The problem:
Repeat the data that follows verbatim. Images are not part of the copy.

Data:
-.-.-

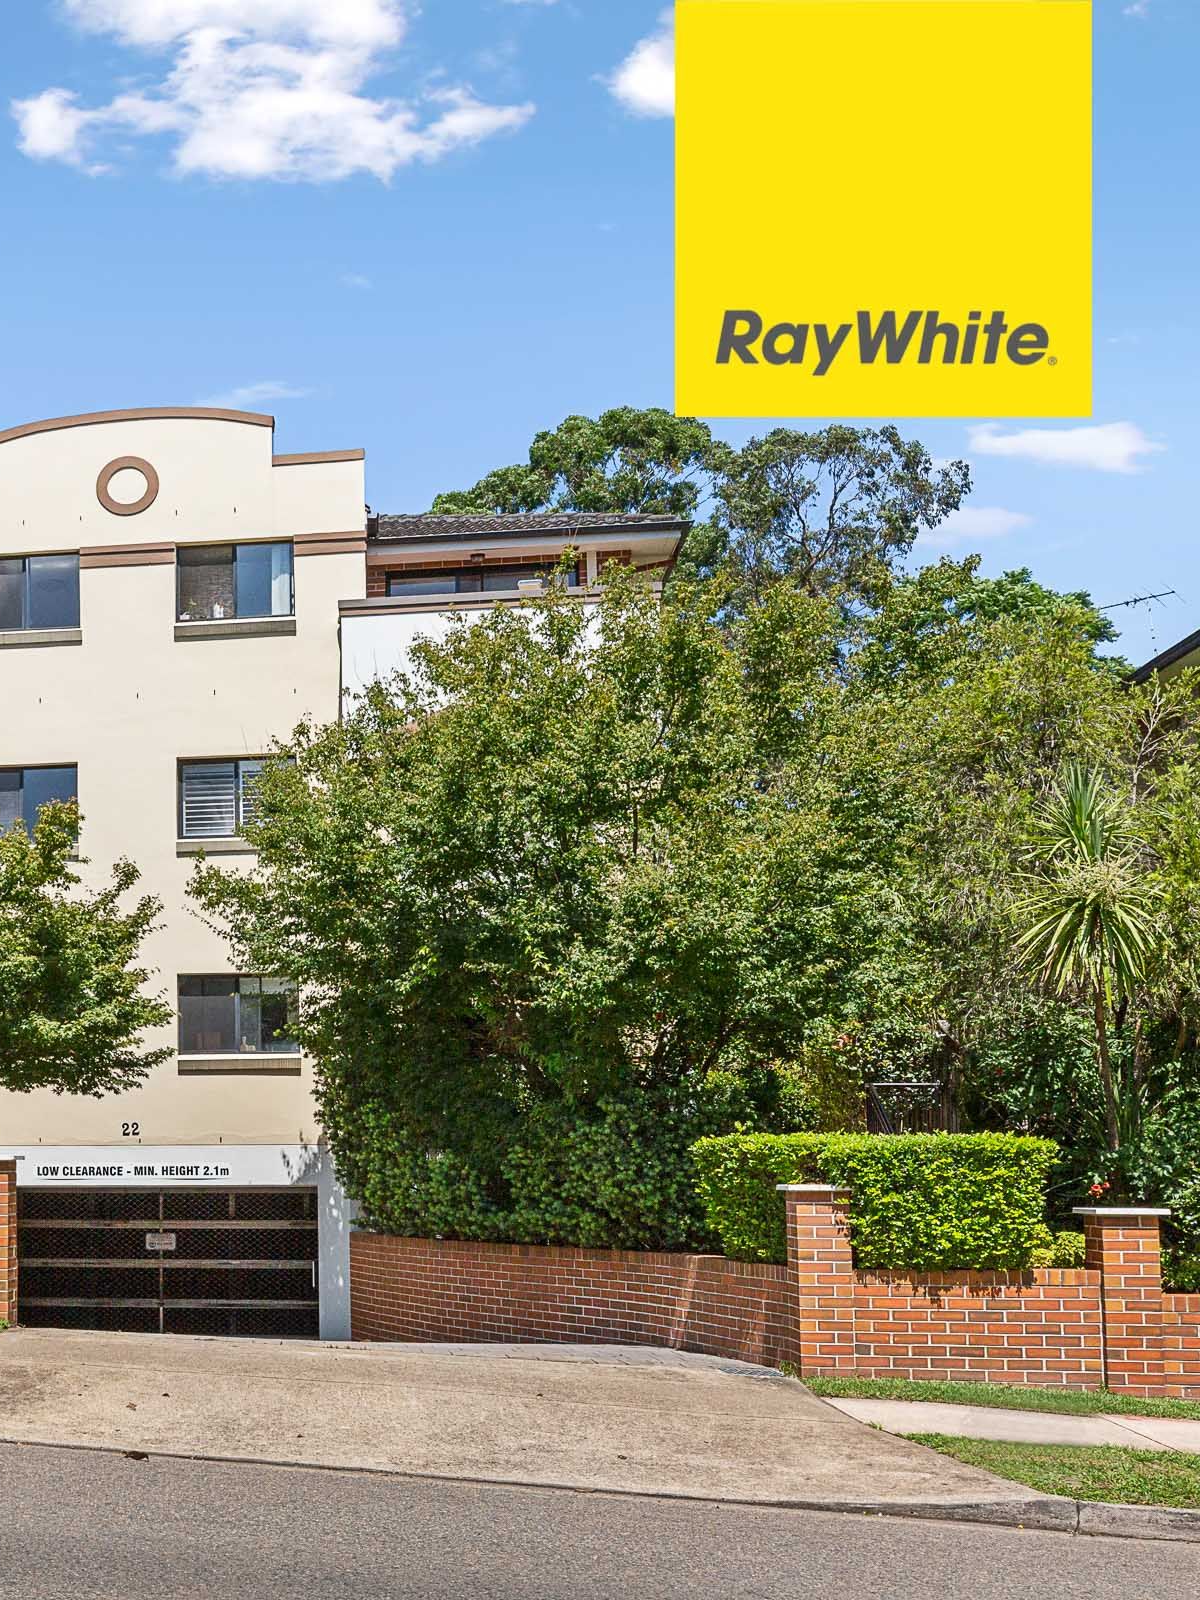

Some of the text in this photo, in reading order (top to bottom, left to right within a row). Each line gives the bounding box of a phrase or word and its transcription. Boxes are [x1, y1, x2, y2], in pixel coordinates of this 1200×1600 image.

[121, 1122, 141, 1137] 22
[36, 1166, 60, 1177] LOW
[62, 1166, 124, 1177] CLEARANCE
[133, 1165, 158, 1176] MIN.
[161, 1165, 201, 1176] HEIGHT
[203, 1165, 230, 1176] 2.1m
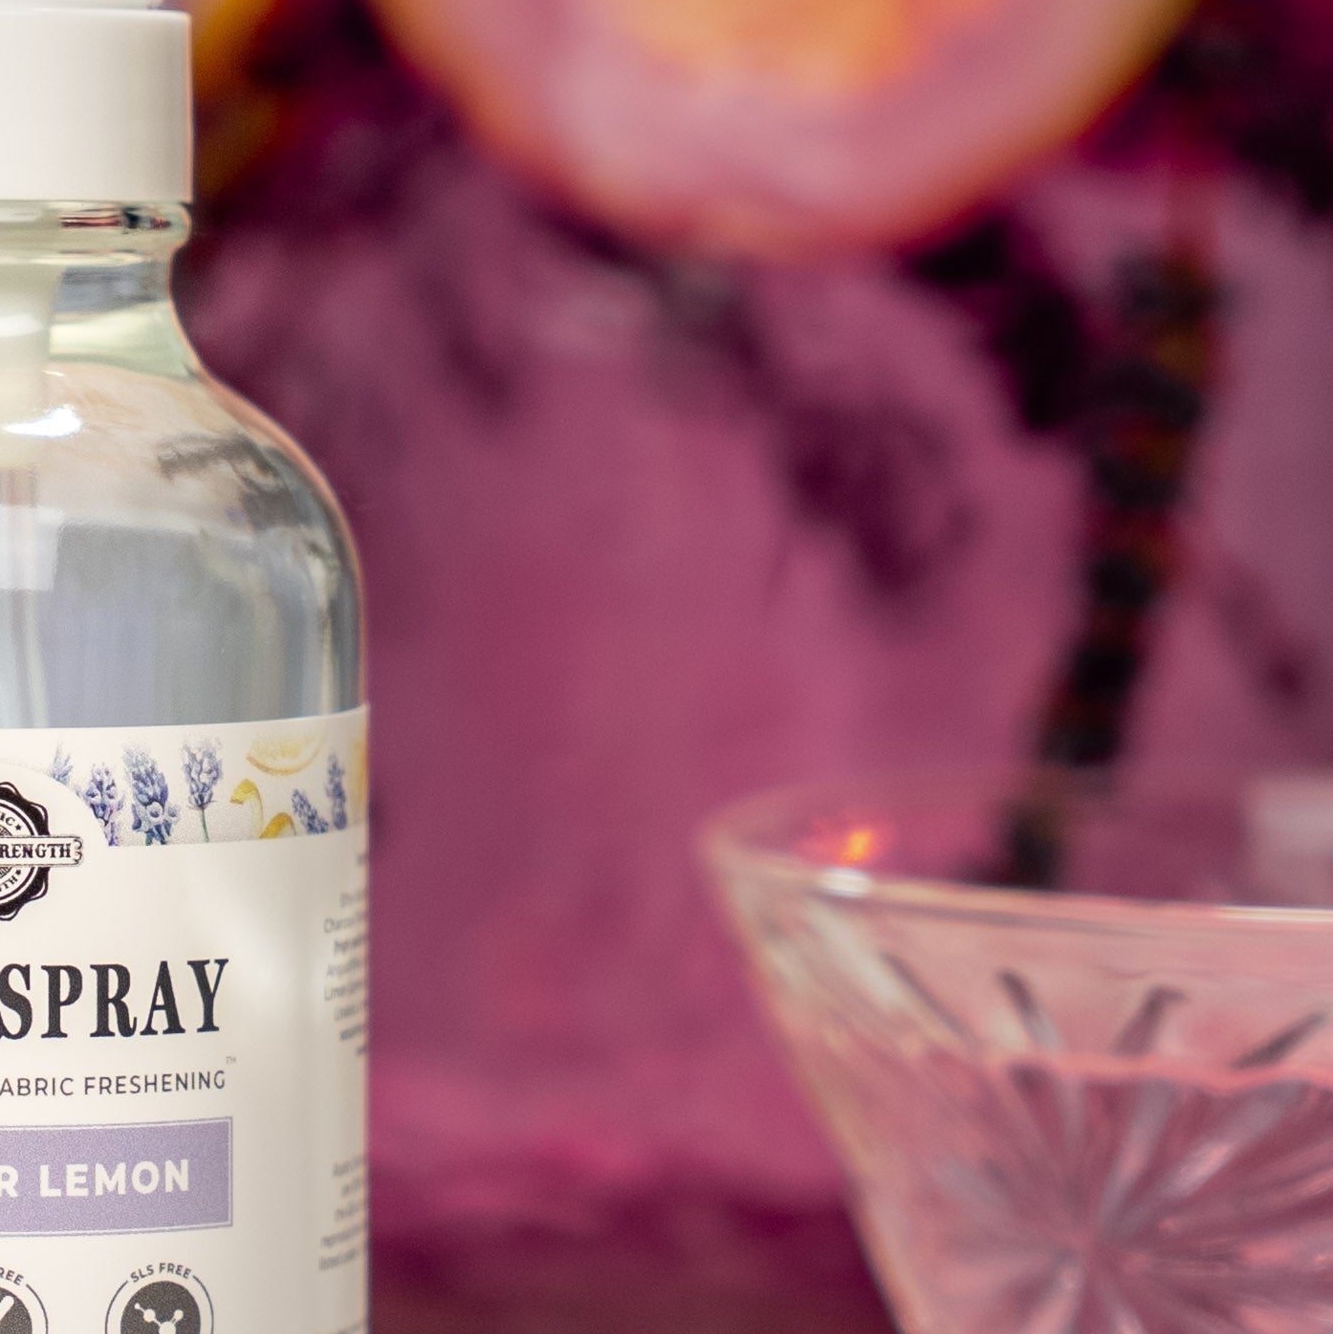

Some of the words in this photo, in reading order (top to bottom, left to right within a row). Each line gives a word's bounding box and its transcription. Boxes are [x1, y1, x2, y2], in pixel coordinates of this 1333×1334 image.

[84, 1070, 227, 1096] FRESHENING
[39, 1158, 191, 1199] LEMON
[130, 1264, 155, 1283] SLS
[158, 1262, 192, 1279] FREE
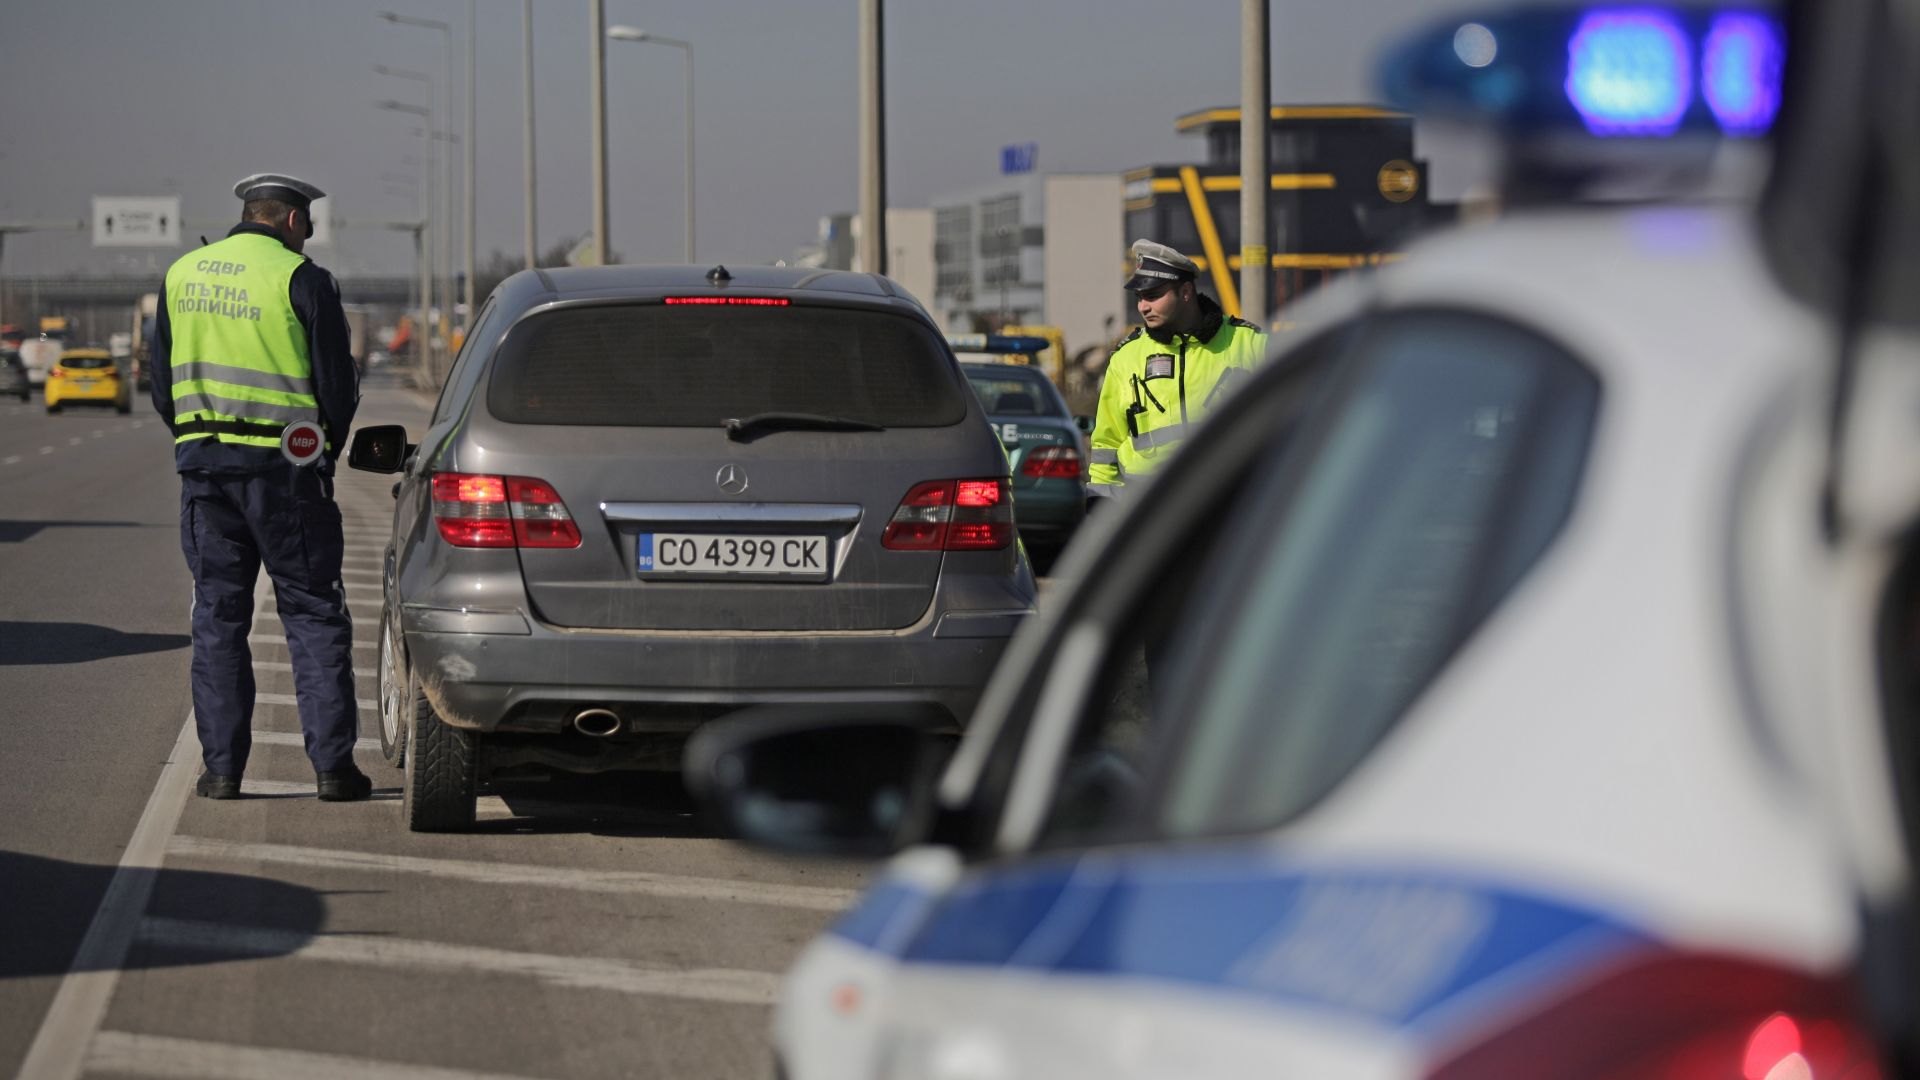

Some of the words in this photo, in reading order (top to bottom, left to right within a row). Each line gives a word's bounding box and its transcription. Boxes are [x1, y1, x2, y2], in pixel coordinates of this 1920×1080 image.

-.-.-

Worked solution:
Some of the text in this photo, in reading order (top to bottom, left to right within a row). Each line gives the bounding box of a phrase or word and its transcription. Boxes are [x1, y1, x2, y2], in pixel coordinates of this 1200×1600 image.

[121, 1122, 141, 1137] 22
[36, 1166, 60, 1177] LOW
[62, 1166, 124, 1177] CLEARANCE
[133, 1165, 158, 1176] MIN.
[161, 1165, 201, 1176] HEIGHT
[203, 1165, 230, 1176] 2.1m

Some of the words in this photo, in reading order (top to bottom, left to right within a row). Each line gives a word's bounding box and its transcription. Boxes are [x1, y1, x2, y2], in pixel coordinates of this 1333×1334 image.

[84, 1070, 227, 1096] FRESHENING
[39, 1158, 191, 1199] LEMON
[130, 1264, 155, 1283] SLS
[158, 1262, 192, 1279] FREE

Some of the words in this photo, in reading order (top to bottom, left to right within a row). Each line gives a word's bounding box and its transcription. Boxes are [x1, y1, x2, y2], in pixel coordinates of this 1920×1080 image.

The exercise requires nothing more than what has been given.